When Wuthering Heights, by Emily Bronte, first appeared in 1847, it was thought to be obscene and crude (Chase 19). To the common person, it was shocking and offensive, and it did not gain popularity until long after it was first published. When the piece of literature became widely read and discussed, however, Bronte was declared as a “romantic rebel against repressive conventions and a writer who made passion part of novelistic tradition” (Chase 19). Unlike earlier writers, Bronte used factors from her own life and passions that she personally held to construct her classic novel.
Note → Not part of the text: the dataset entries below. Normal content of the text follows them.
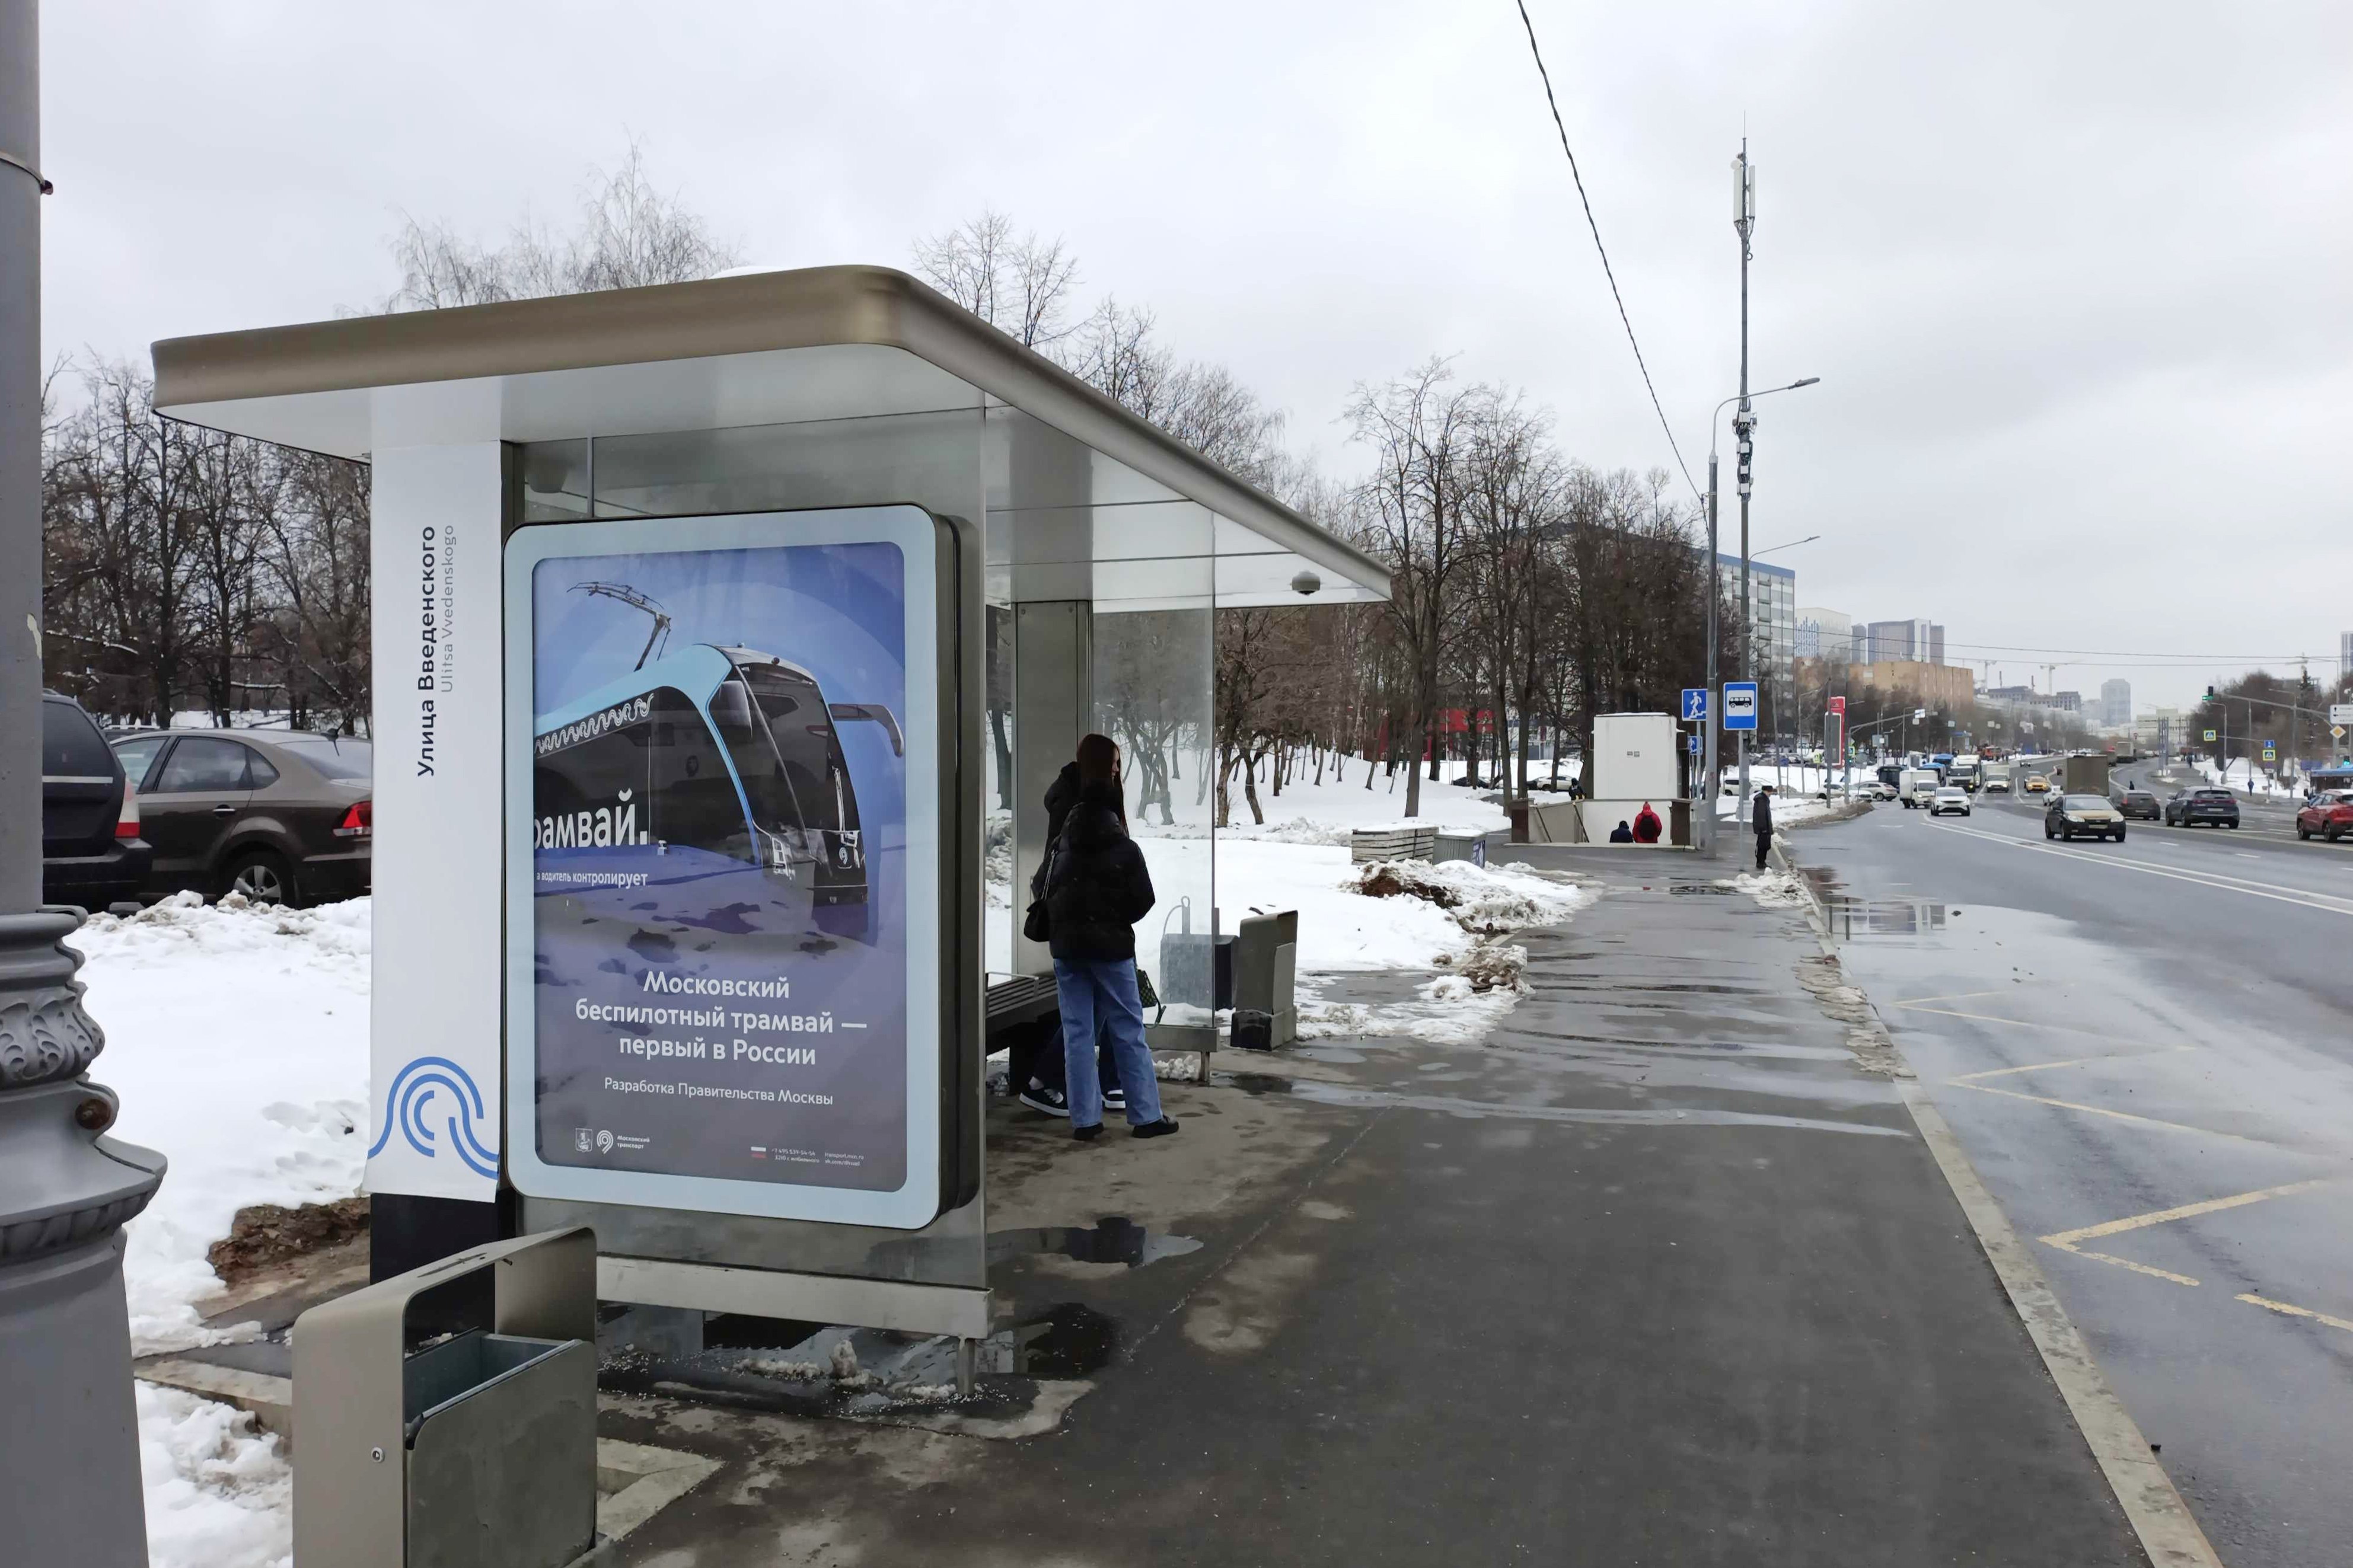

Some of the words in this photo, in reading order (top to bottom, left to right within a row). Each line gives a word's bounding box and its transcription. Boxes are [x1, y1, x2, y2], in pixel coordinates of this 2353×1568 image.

[441, 525, 457, 639] Vvedenskogo
[417, 526, 437, 691] Введенского
[441, 644, 454, 693] Ulitsa
[417, 700, 437, 777] Улица
[541, 872, 572, 882] водитель
[573, 873, 648, 889] контролирует
[643, 970, 790, 998] Московский
[575, 998, 725, 1027] беспилотный
[731, 1011, 833, 1034] трамвай
[619, 1036, 706, 1061] первый
[713, 1043, 726, 1059] в
[733, 1039, 816, 1065] России
[604, 1077, 674, 1095] Разработка
[678, 1083, 774, 1102] Правительства
[777, 1090, 833, 1105] Москвы
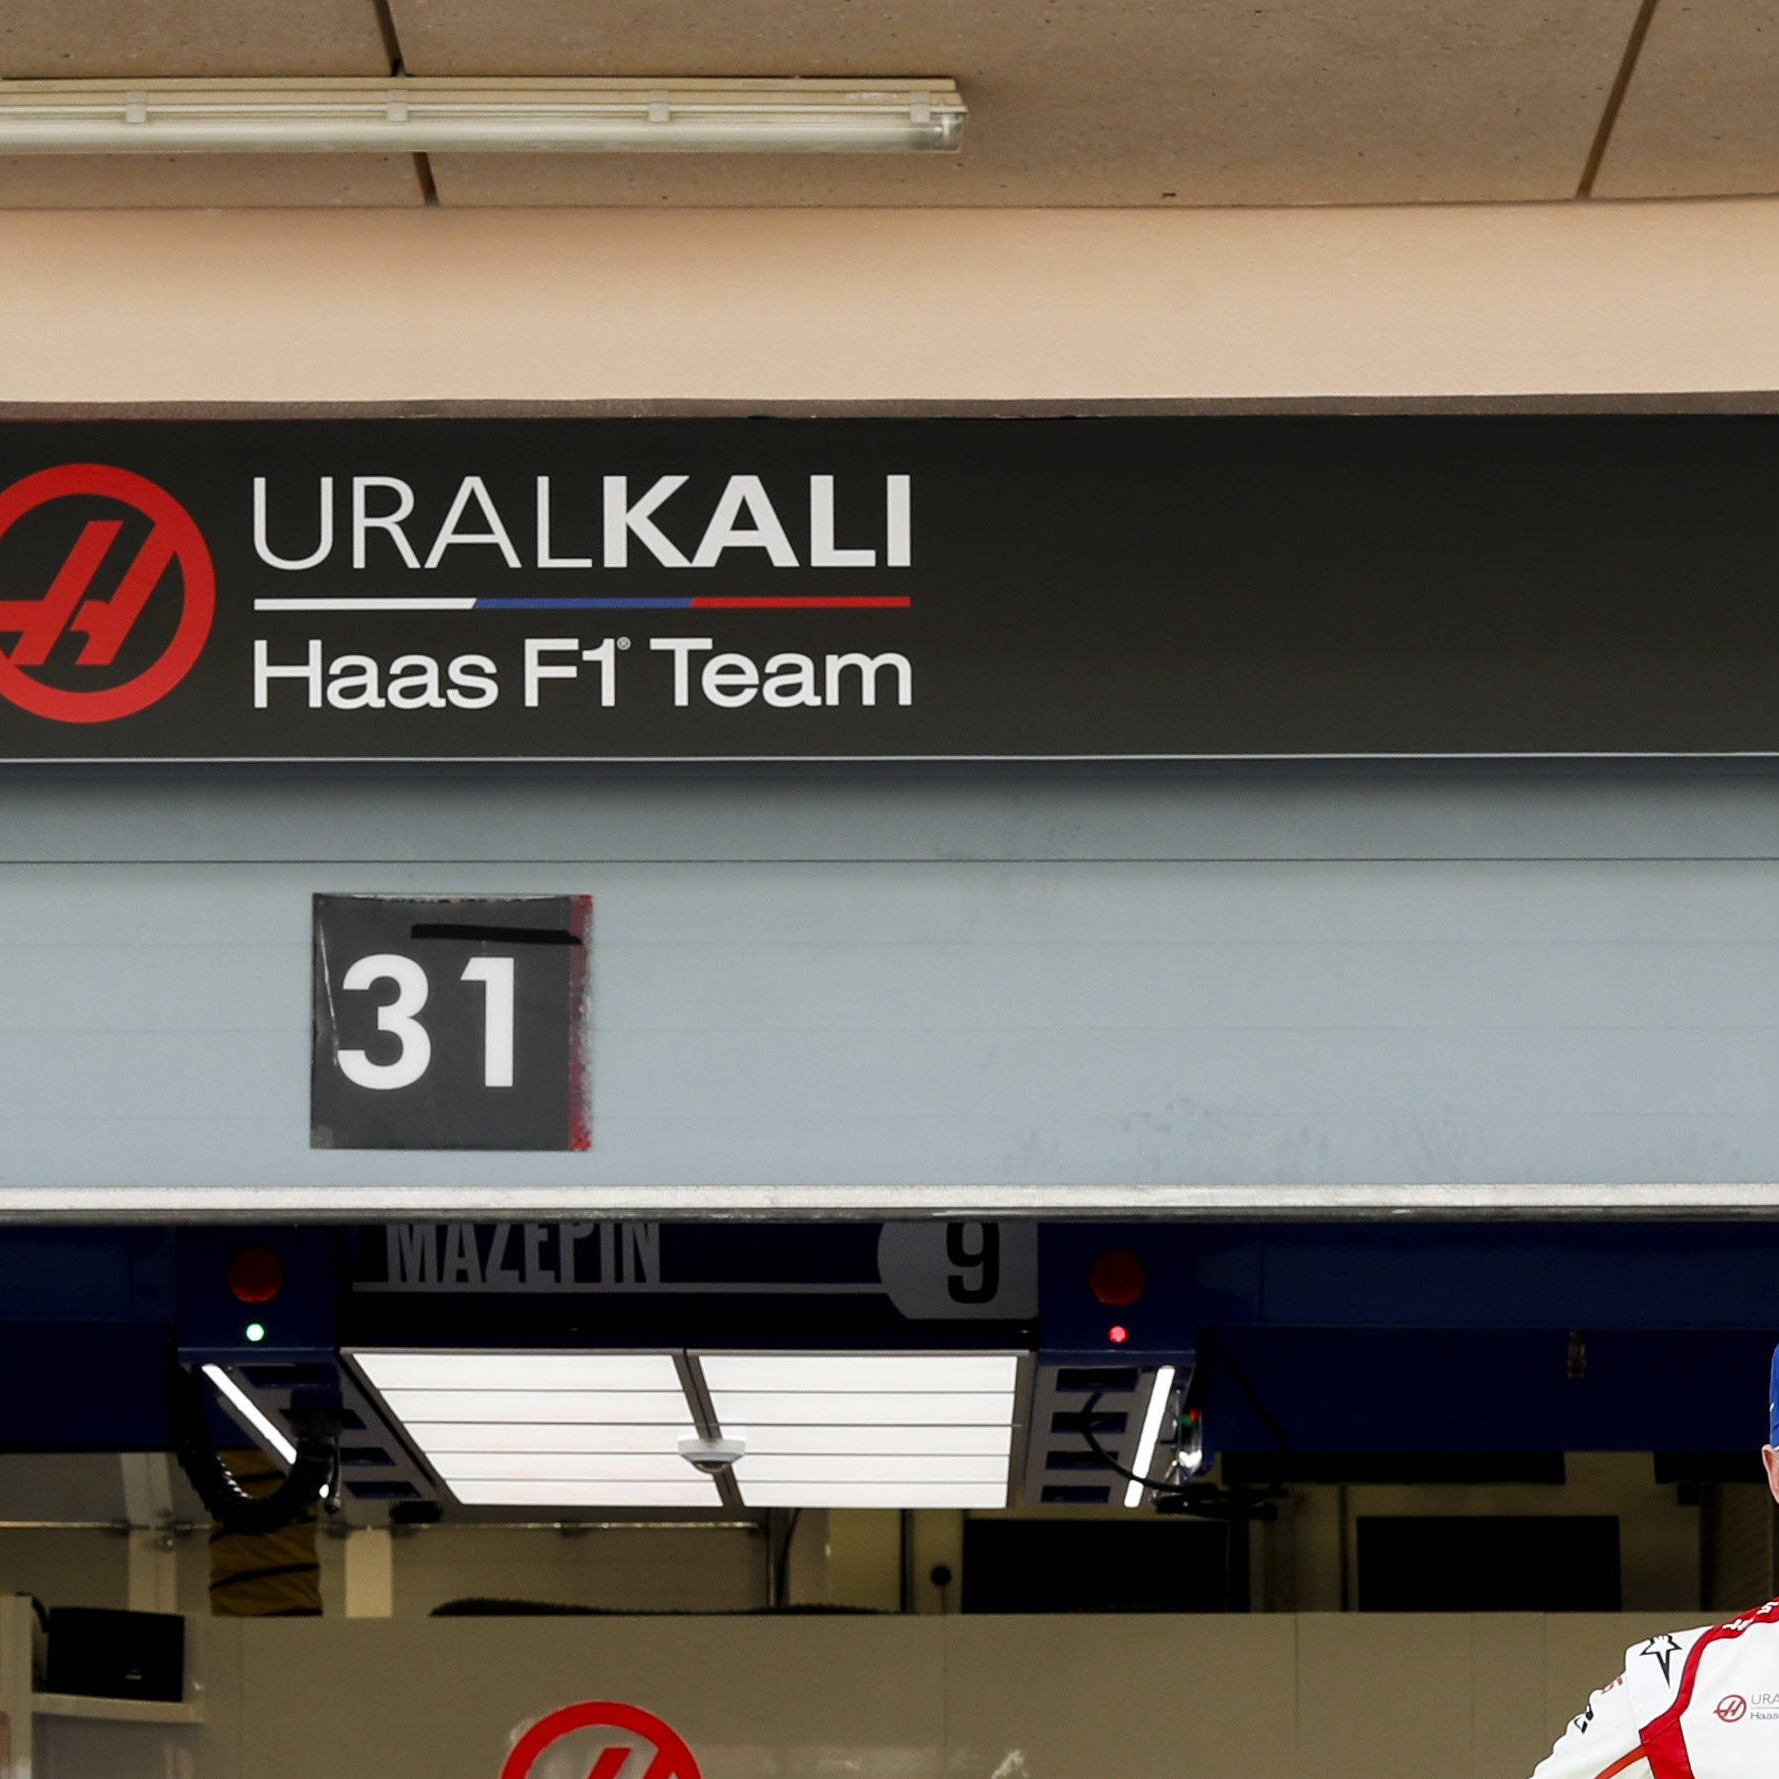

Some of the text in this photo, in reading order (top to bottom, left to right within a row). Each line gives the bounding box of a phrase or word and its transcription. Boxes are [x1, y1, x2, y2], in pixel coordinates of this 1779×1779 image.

[252, 475, 912, 570] URALKALI
[253, 639, 498, 710] Haas
[649, 637, 913, 709] Team
[336, 954, 516, 1091] 31
[945, 1222, 1001, 1305] 9
For example, Joseph’s bible-thumper character most likely symbolizes her father, who was a minister. However, Bronte’s book is not only a breakthrough to literature in these ways. The narration of the story is also very unique and divergent because there are multiple narrators. Bronte’s character Lockwood is used to narrate the introductory and concluding sections of the novel whereas Nelly Dean narrates most of the storyline. It’s interesting that Nelly Dean is used because of her biased opinions.
In addition, the structure of Wuthering Heights displays a uniqueness. Just as Elizabethan plays have five acts, Wuthering Heights is composed of two “acts,” the times before and after Catherine’s death. However, unlike stereotypical novels, Wuthering Heights has no true heroes or villains. “Although this work was written in the Romantic Period, it is not a romance. There are no true heroes or villains, only a revealing of what people truly are” (Baxter 1). With all of its unique qualities, Wuthering Heights is a very controversial book.
Many critical essays have been written about the major themes of the book, but revenge is the most imminent theme, the factor that leads the protagonists to their dismal fate. Bronte proves there is no peace in eternal vengeance, and in the end self-injury involved in serving revenge’s purposes will be more damaging than the original wrong. Heathcliff never finds peace through his revenge. In fact, the only time he truly finds happiness is when he gives up his plan for retaliation.
Austin O’Malley states “Revenge is like biting a dog that bit you” (O’malley 1). O’Malley’s quote reflects Heathcliff’s immature need to propagate agony in those who have offended him. Heathcliff’s plan for revenge on Edgar and Catherine is to marry Isabella, who is ignorant of love and of men because she has never experienced either. He wants to hurt Edgar because of his marriage to Catherine, and he wants to get revenge on Catherine by making her jealous. Catherine’s death proves that this flawed plan of repayment helps nothing.
Heathcliff, haunted by the ghost of Catherine because he is her “murderer,” still is motivated by the need for revenge and tries to get young Cathy away from Edgar by having her marry his son, Linton. Heathcliff never finds peace until he gives up his plan for revenge just before he dies. When Heathcliff gives up his plan for revenge, he meets Catherine in death and truly becomes happy once more. Catherine’s revenge does not make things better for her. Her revenge on Heathcliff by blaming him for her upcoming death does not meliorate her mind. Just before she dies, she ascribes Heathcliff for her “murder. You have killed me, and thriven on it, I think” (Bronte 158).
Catherine resembles what Oliver Goldsmith said, “When lovely woman stoops to folly, and finds too late that men betray, what charm can soothe her melancholy? What art can wash her guilt away? The only art her guilt to cover, To hide her shame from every eye, To give repentance to her lover, And wring his bosom, is–to die” (Oliver Goldsmith 1). Catherine’s death is caused by her lack of emotional control and her dual personalities. She and Heathcliff “are” each other (Bronte 80), but her wants of social status and popularity draw her toward Edgar (Bronte 78).
She does not love Edgar, but her selfish material wants control her. Catherine’s revenge on Heathcliff does not assist her in finding happiness. She looks forward to dying and is “wearying to escape into that glorious world” (Bronte 160). Her death is, however, miserable as she wanders around the earth as a waif for 20 years occasionally visiting Heathcliff and torturing him. Just as Heathcliff and Catherine’s revenge make them miserable, Hindley’s revenge on Heathcliff causes him to go bankrupt and eventually die.
Hindley’s attempt to kill Heathcliff only hurts himself in the process; it proves the point Isabella makes, “Treachery and violence are spears pointed at both ends; they wound those who resort to them worse than their enemies” (Bronte 177). The fact that Hindley is mistreated as a child reflects the built up anger and resentment inside him and towards others. The hurt that Hindley feels is clearly understood, but sympathy for Hindley is only temporary because it is still his own fault for his predicaments.
Hindley’s loss of Wuthering Heights to Heathcliff and his mysterious death reflect how revenge does not make anything better, only worse. Bronte corroborates that revenge is not only a harsh and rash way to live life, but is counter-productive and hurtful. Out of all of her major themes, revenge is the most imminent. The self-hurt involved with vengeance shows there are better ways to solve conflicts. Bronte sends a great message across by showing how negative revenge can be. There is no solution to obeying the spontaneous reaction of this negative reprisal.